• Exercise data:
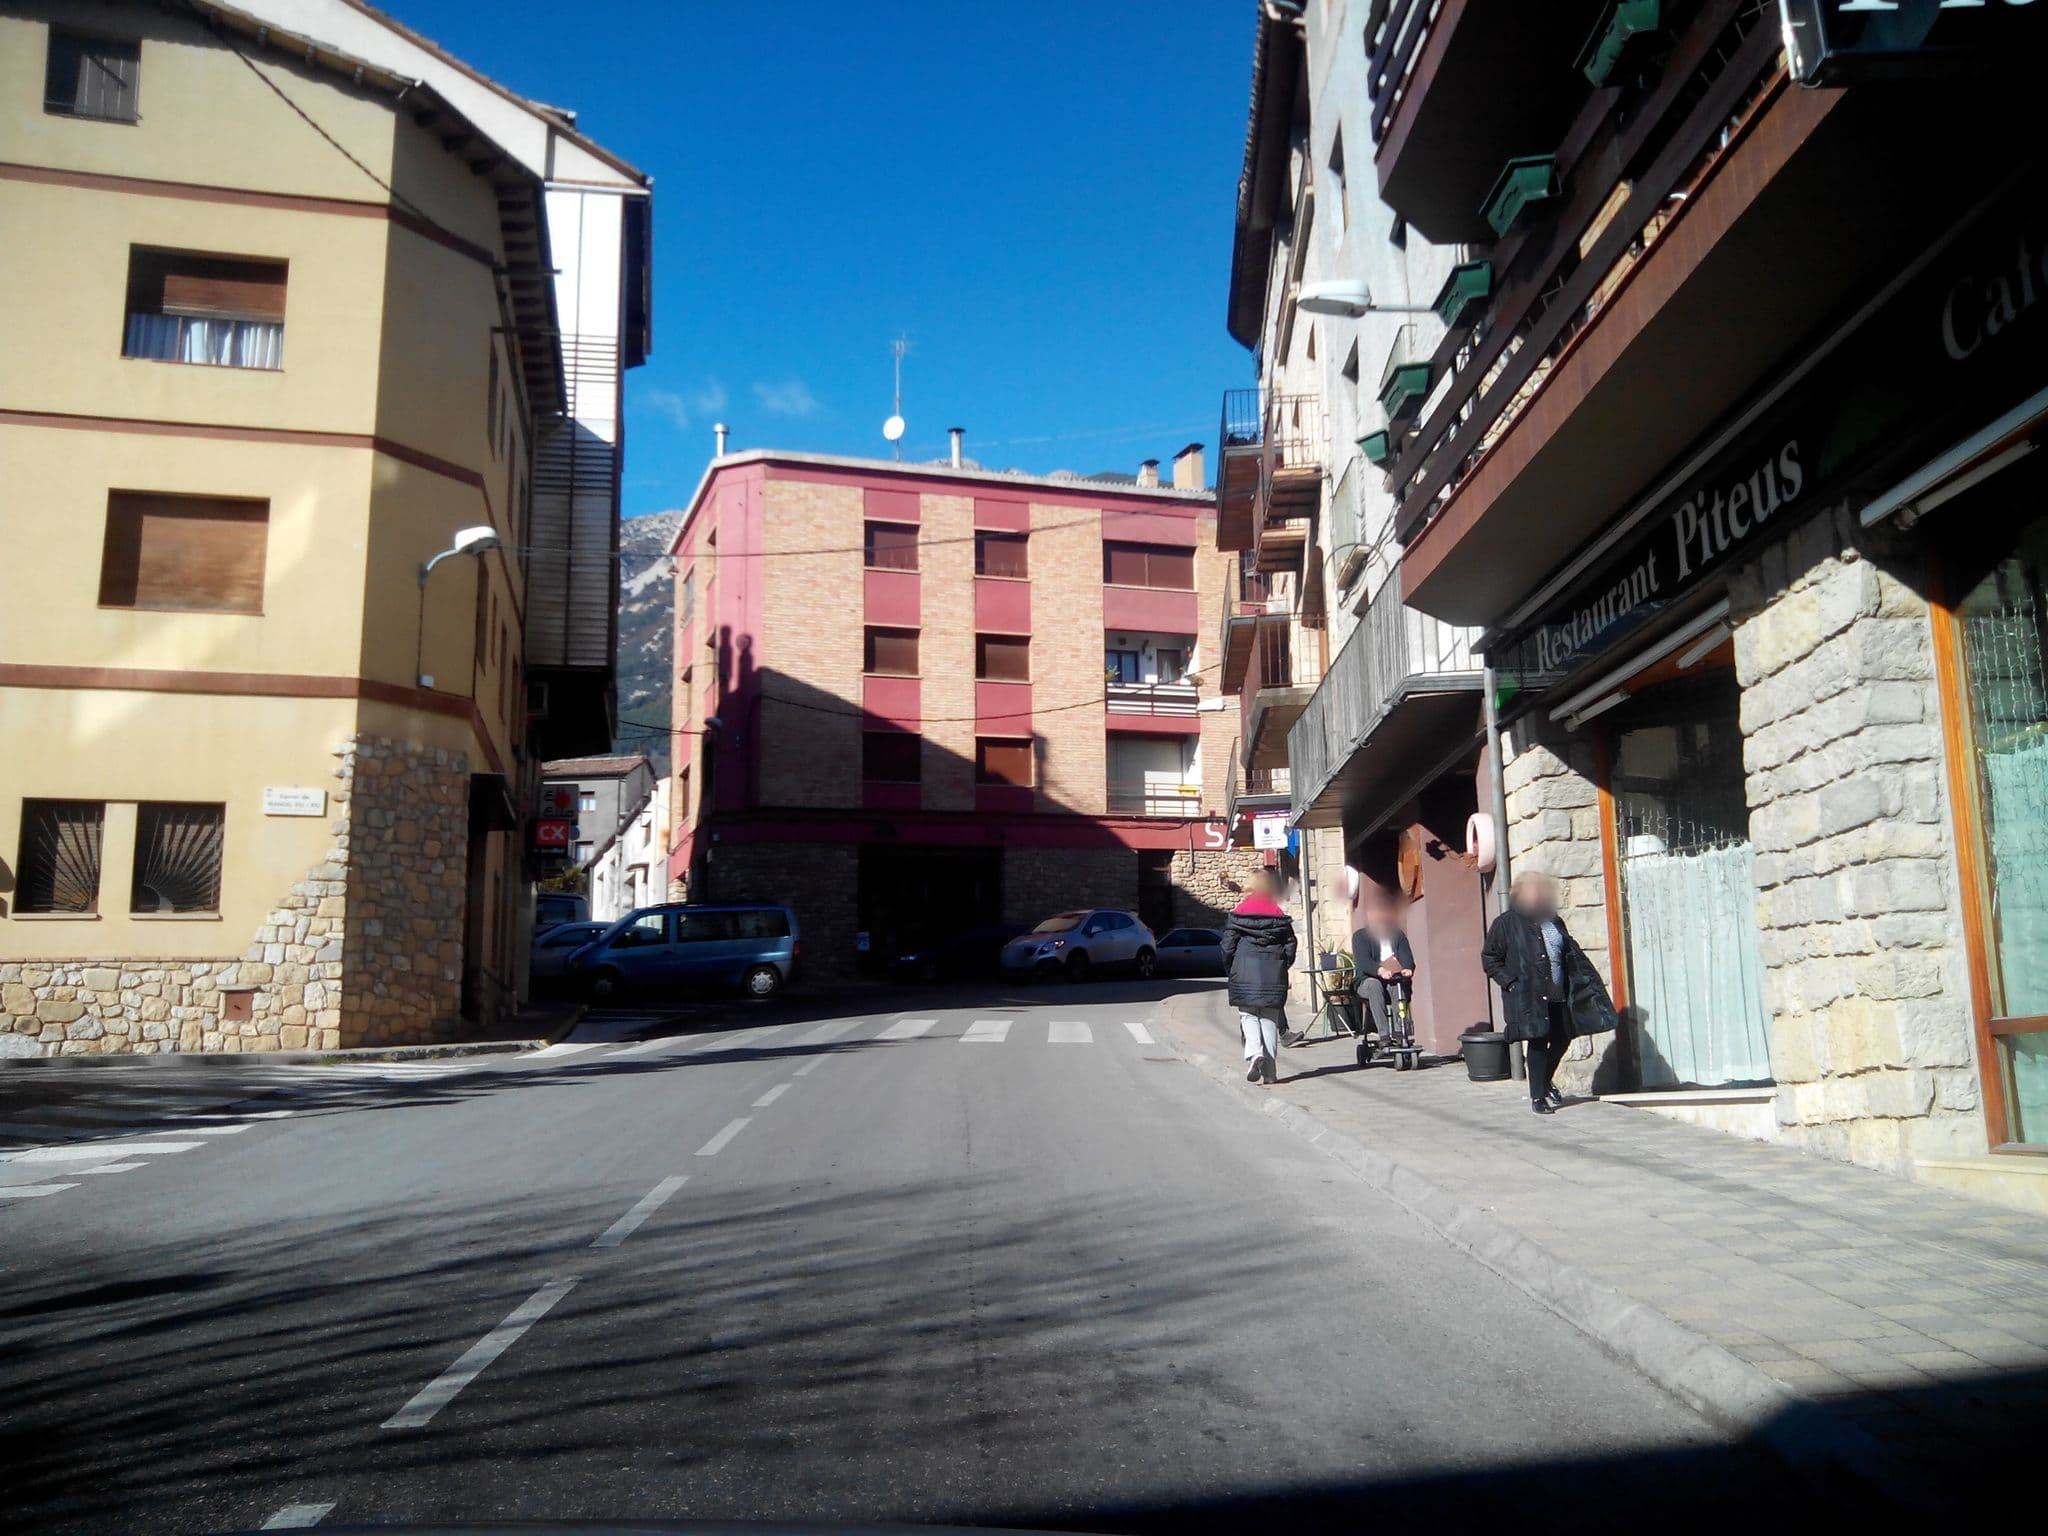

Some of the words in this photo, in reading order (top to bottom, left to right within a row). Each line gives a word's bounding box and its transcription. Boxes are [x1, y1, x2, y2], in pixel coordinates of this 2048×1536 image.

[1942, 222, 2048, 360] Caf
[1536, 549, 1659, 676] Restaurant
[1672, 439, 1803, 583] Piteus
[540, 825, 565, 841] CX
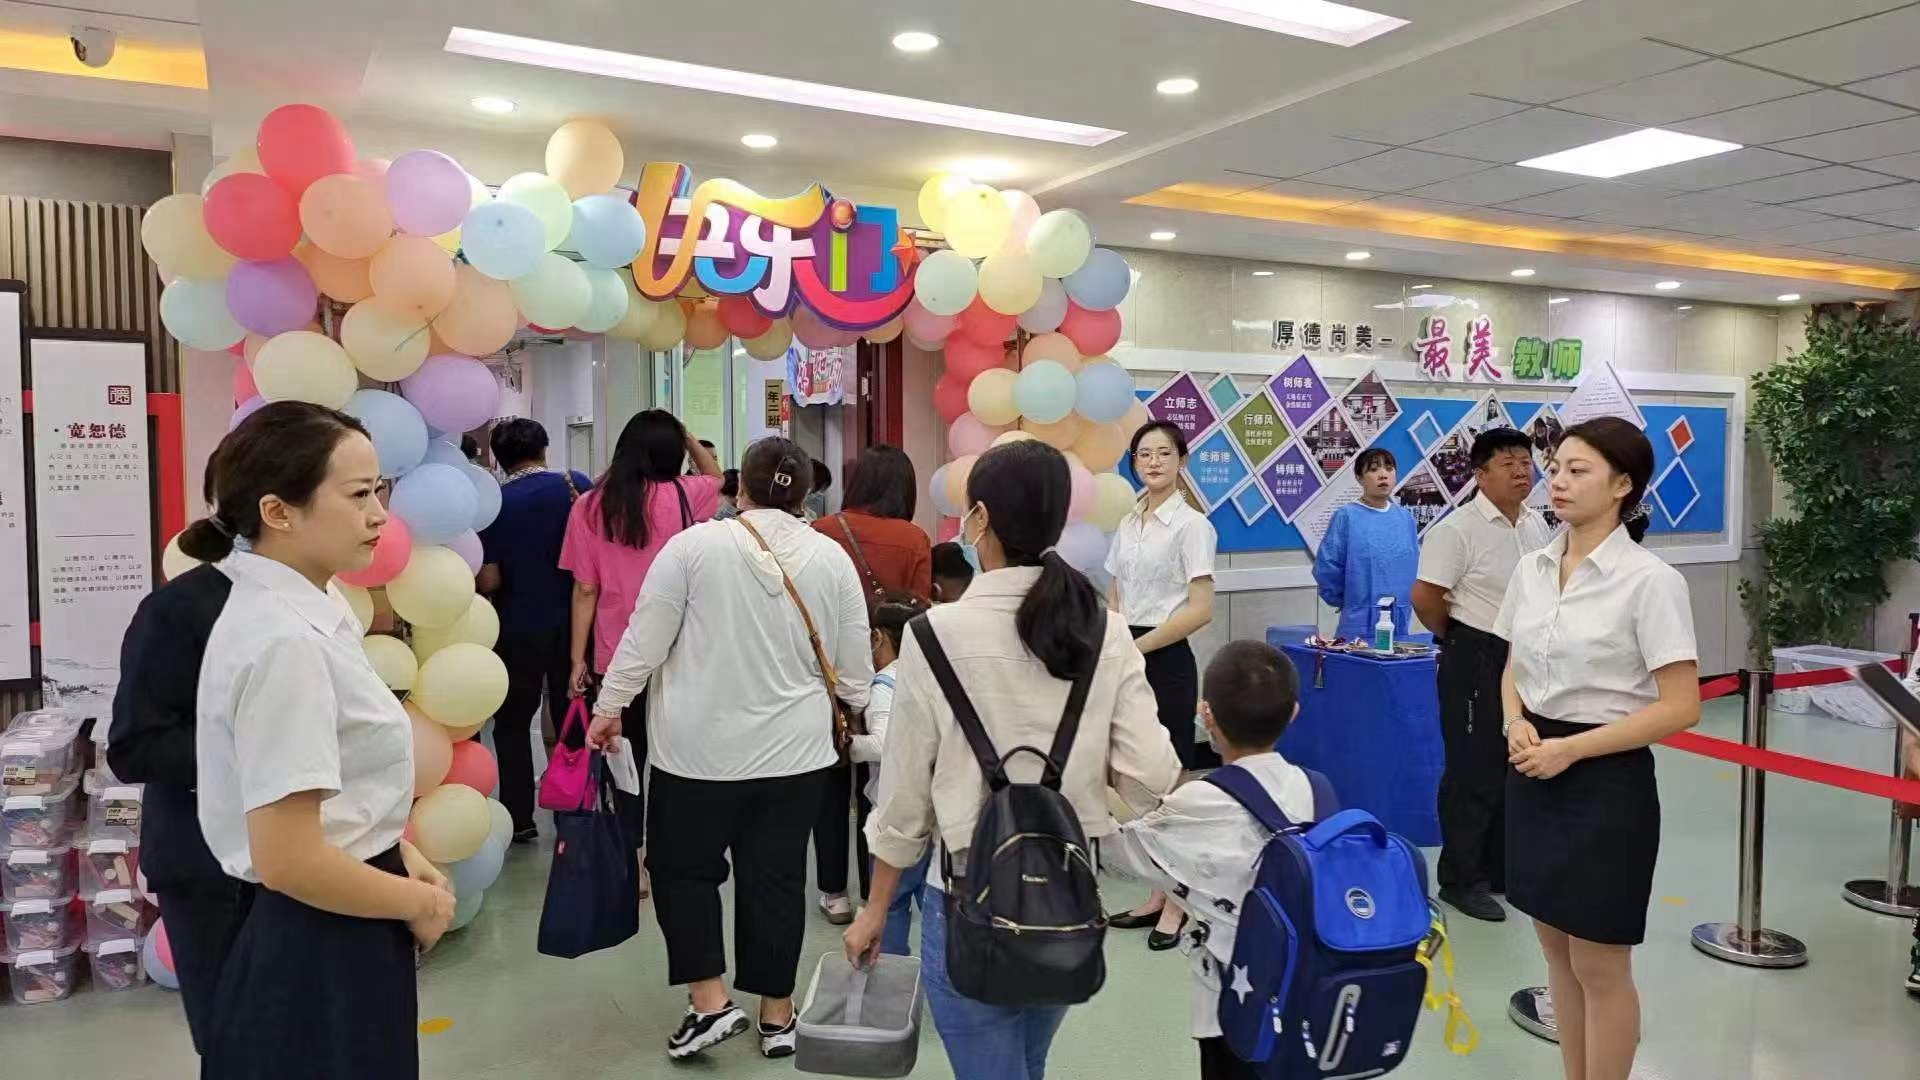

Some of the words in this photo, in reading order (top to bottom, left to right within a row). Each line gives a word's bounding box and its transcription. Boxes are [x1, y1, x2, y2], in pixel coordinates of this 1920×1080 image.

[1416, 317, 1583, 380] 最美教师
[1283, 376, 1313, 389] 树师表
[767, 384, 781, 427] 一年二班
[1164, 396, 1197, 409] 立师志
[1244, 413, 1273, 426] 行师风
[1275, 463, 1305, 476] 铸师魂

• Exercise:
Starting at the line that contains "this 1920×1080 image.", reproduce each line through the end of the records exactly, both ends included.

• Solved exercise:
Some of the words in this photo, in reading order (top to bottom, left to right within a row). Each line gives a word's bounding box and its transcription. Boxes are [x1, y1, x2, y2], in pixel coordinates of this 1920×1080 image.

[1416, 317, 1583, 380] 最美教师
[1283, 376, 1313, 389] 树师表
[767, 384, 781, 427] 一年二班
[1164, 396, 1197, 409] 立师志
[1244, 413, 1273, 426] 行师风
[1275, 463, 1305, 476] 铸师魂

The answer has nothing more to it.